Notice the disparity in the time it takes a GFCI to trip vs how fast a triac can turn on and haul full current?

If for some reason, via water, moisture, twigs or for "whatever" , you turn on the triac and you get leakage current from say.. the hot side of your light string to ground.. the load, (light string), is not even in that circuit at that point. It is just power-triac-ground (return path). That is a short circuit with the moisture and wire being the only resistance in line with that short! That means the triac can conduct a very large amount of current in a very short amount of time thru that path of moisture or "whatever". That current pulse may or may not be enough to harm the triac in one cycle, but it won't do it any good. Keep doing that a few times and you can damage the junction of that triac and cause it to fail prematurely. Chances are that the moisture or current path may evaporate very quickly or be litterally blown away.. opening up that short so fast you can't see it or even tell it was there... but it was there... Triacs are pretty robust and have a pretty high surge current capability.. but they can't do it over and over and/or for long periods of time. (We are talking usec or msec)

Remember, once triggered on, a triac will not shut off until current thru it reaches almost zero. You could use inline inductors to slow this current pulse down, but this is Christmas light fun... not too cost effective to do that. We should all understand that the controllers that LOR sells are not of poor quality or design. They are actually quite well done and within a reasonable cost/value range.

There is still a possibility that a bad batch of triacs exist but it is pretty unlikely given the small amount of failures.
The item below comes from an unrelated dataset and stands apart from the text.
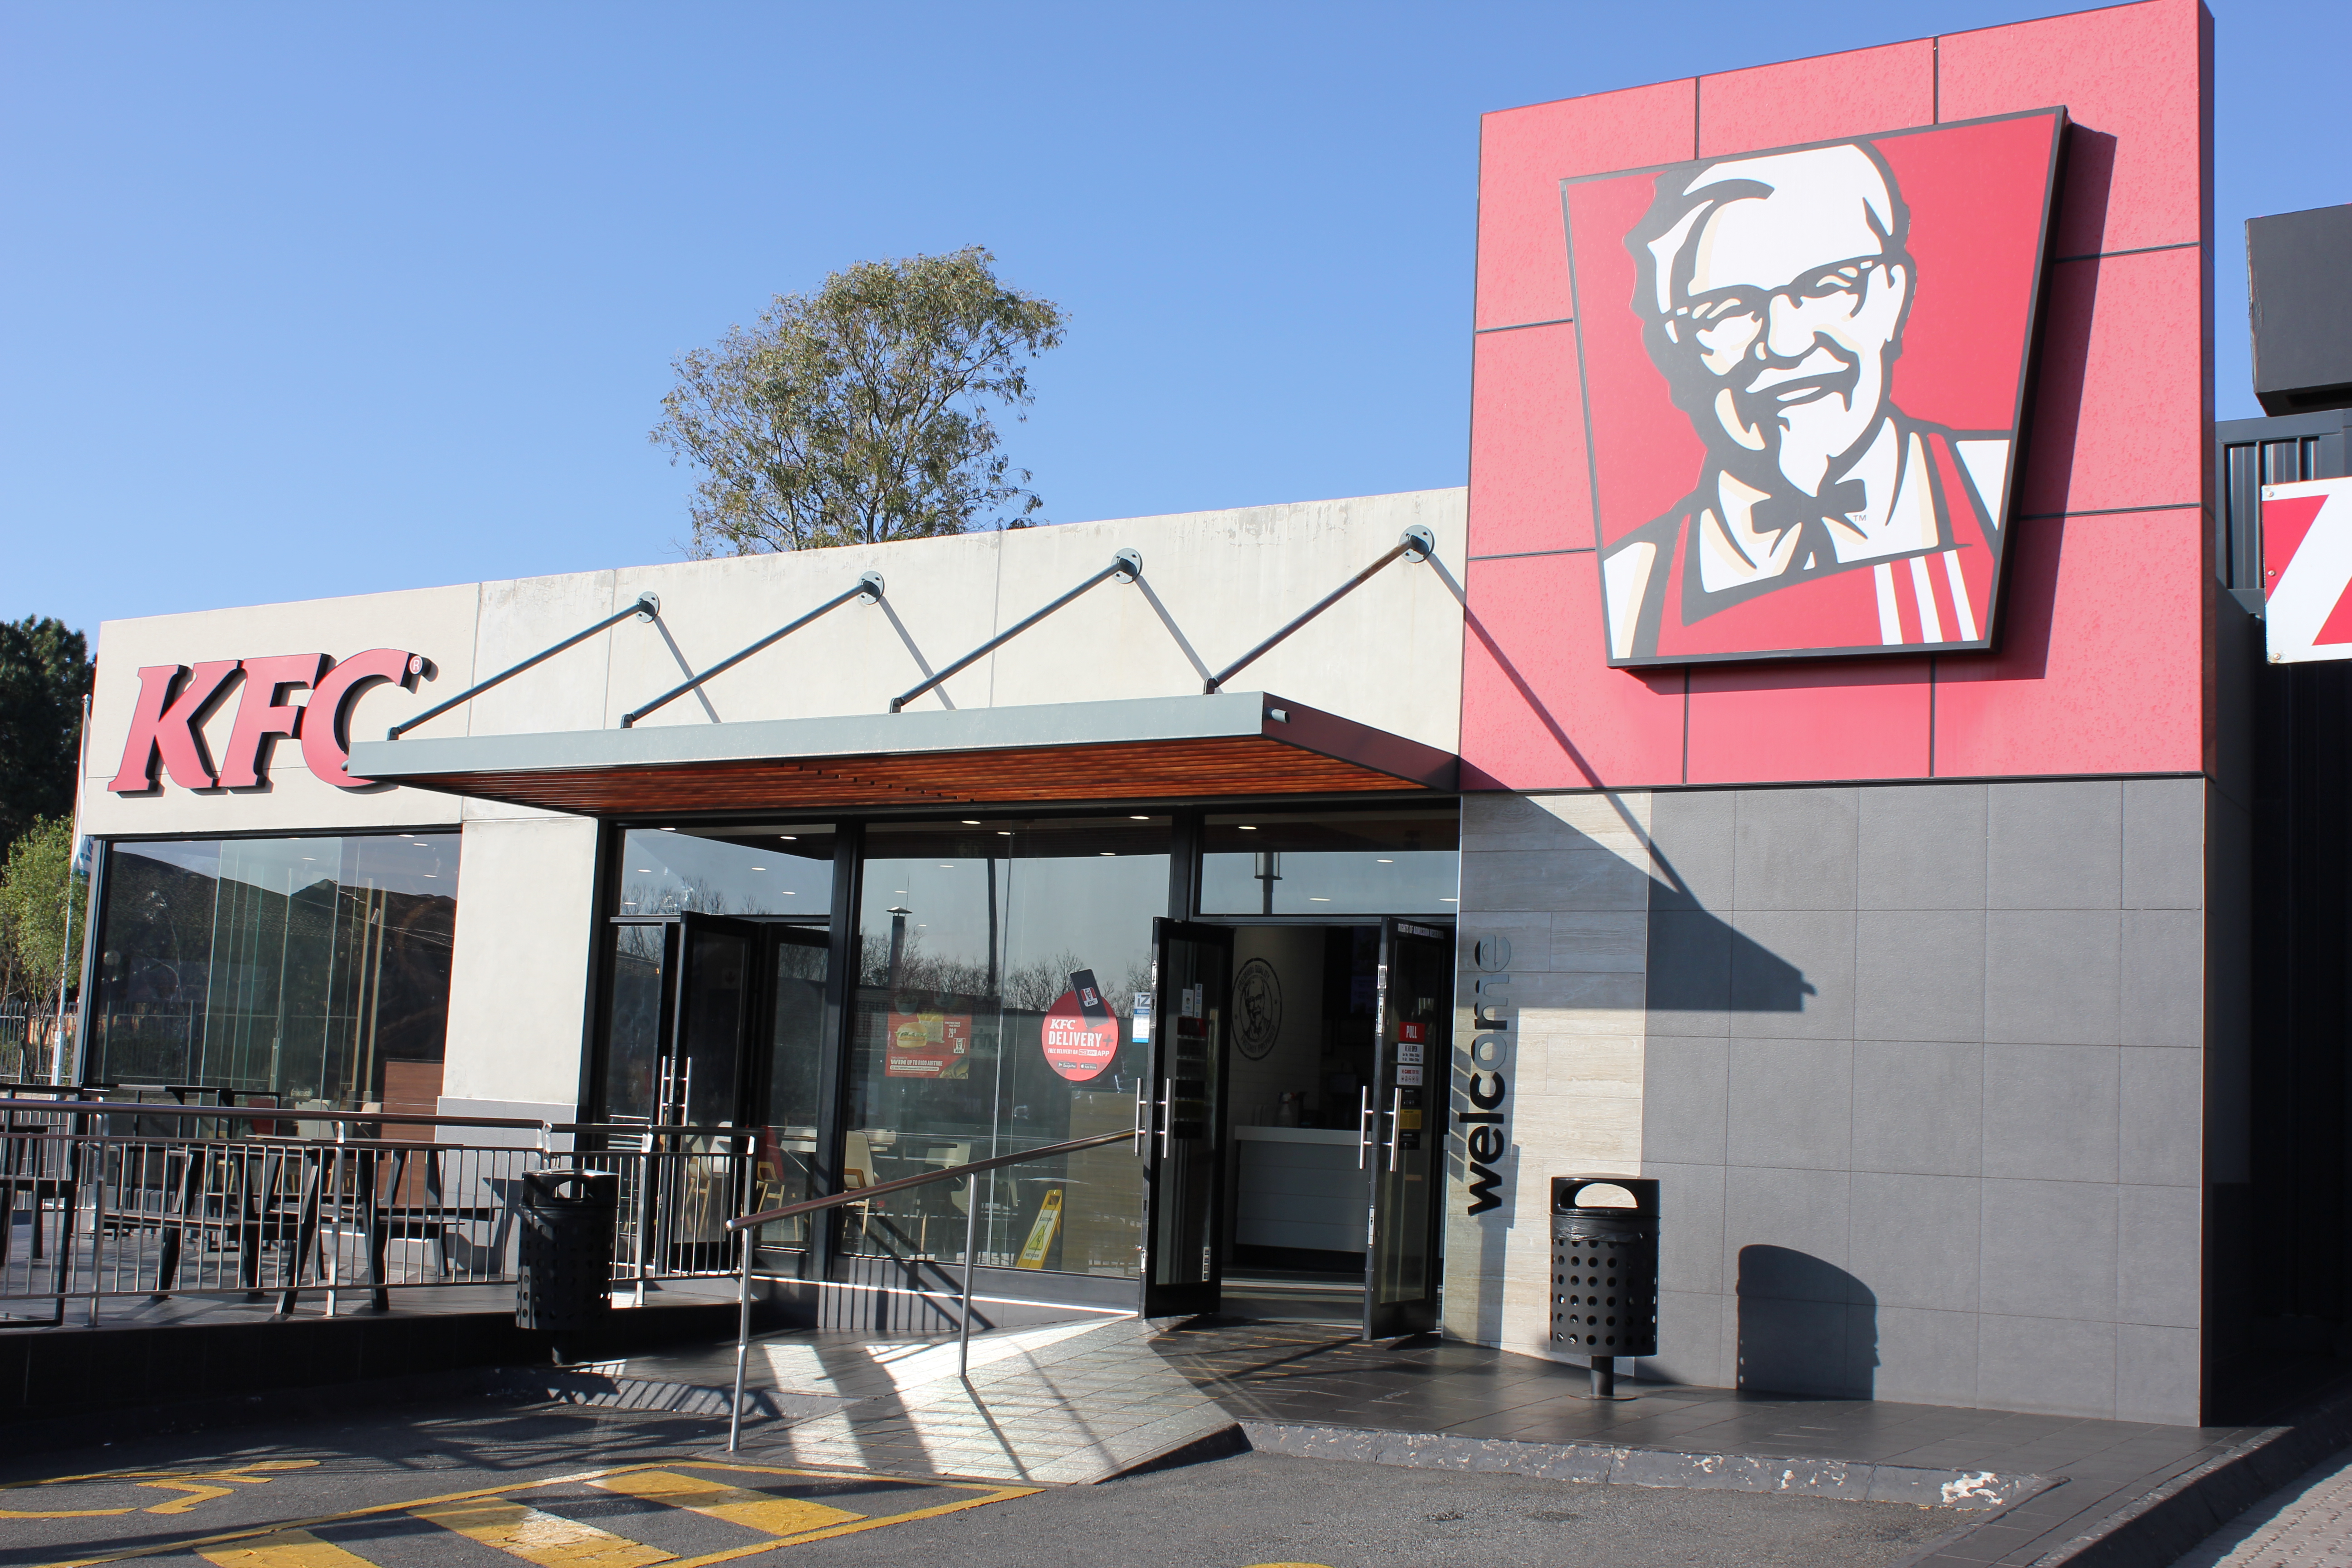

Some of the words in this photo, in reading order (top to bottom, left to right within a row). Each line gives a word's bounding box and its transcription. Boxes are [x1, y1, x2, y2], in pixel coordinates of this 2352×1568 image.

They are made in very large batches with a very repeatable process and the technology is very mature.

In any case LOR would have no way to determine if a triac was bad before it was installed unless they tested ever single unit and it failed prior to, or during assembly and testing. Since I have yet to see anyone complain of a triac being bad out of the box, I would conclude... from a technical standpoint, that WE, or our displays are causing the failures... That would not be a quality issue on LOR's part.

Before you ask, NO, I have nothing to do with LOR.. I have a lot of experience with this technology however..

I post this to try to help everyone that doesn't already, understand what the true issues are regarding triac failures, especially with LEDs. Nothing more..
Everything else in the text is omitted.